### Directions
Give back every entry exactly as it is written, but not the pictures.

*** Records for this exercise

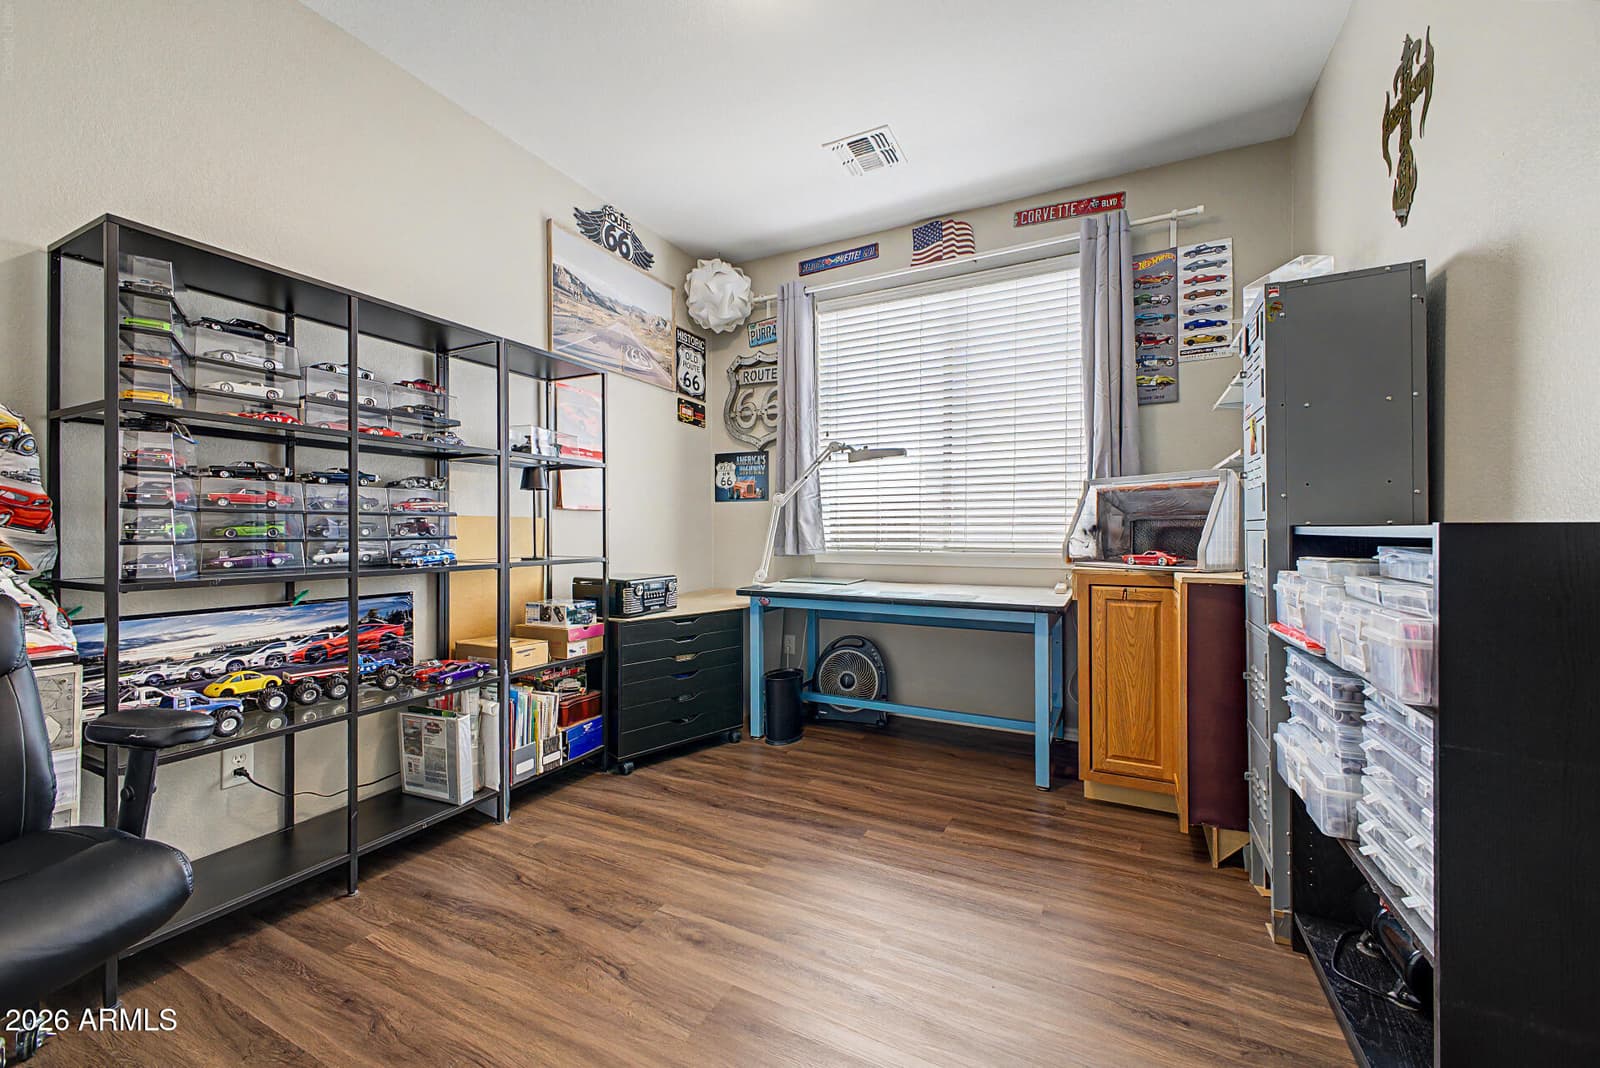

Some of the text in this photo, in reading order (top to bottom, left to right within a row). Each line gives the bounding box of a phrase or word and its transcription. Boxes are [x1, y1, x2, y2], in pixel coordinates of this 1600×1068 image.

[1021, 198, 1118, 225] CORVETTE BLVD
[604, 224, 632, 261] 66
[677, 329, 705, 349] HISTORIC
[685, 351, 698, 363] OLD
[683, 361, 701, 374] ROUTE
[743, 367, 777, 383] ROUTE
[684, 371, 700, 391] 66
[736, 387, 777, 430] 66
[736, 455, 766, 465] AMERICA'S
[721, 476, 733, 486] 66

******

### Task solution
Some of the text in this photo, in reading order (top to bottom, left to right within a row). Each line gives the bounding box of a phrase or word and its transcription. Boxes are [x1, y1, x2, y2], in pixel coordinates of this 1600×1068 image.

[1021, 198, 1118, 225] CORVETTE BLVD
[604, 224, 632, 261] 66
[677, 329, 705, 349] HISTORIC
[685, 351, 698, 363] OLD
[683, 361, 701, 374] ROUTE
[743, 367, 777, 383] ROUTE
[684, 371, 700, 391] 66
[736, 387, 777, 430] 66
[736, 455, 766, 465] AMERICA'S
[721, 476, 733, 486] 66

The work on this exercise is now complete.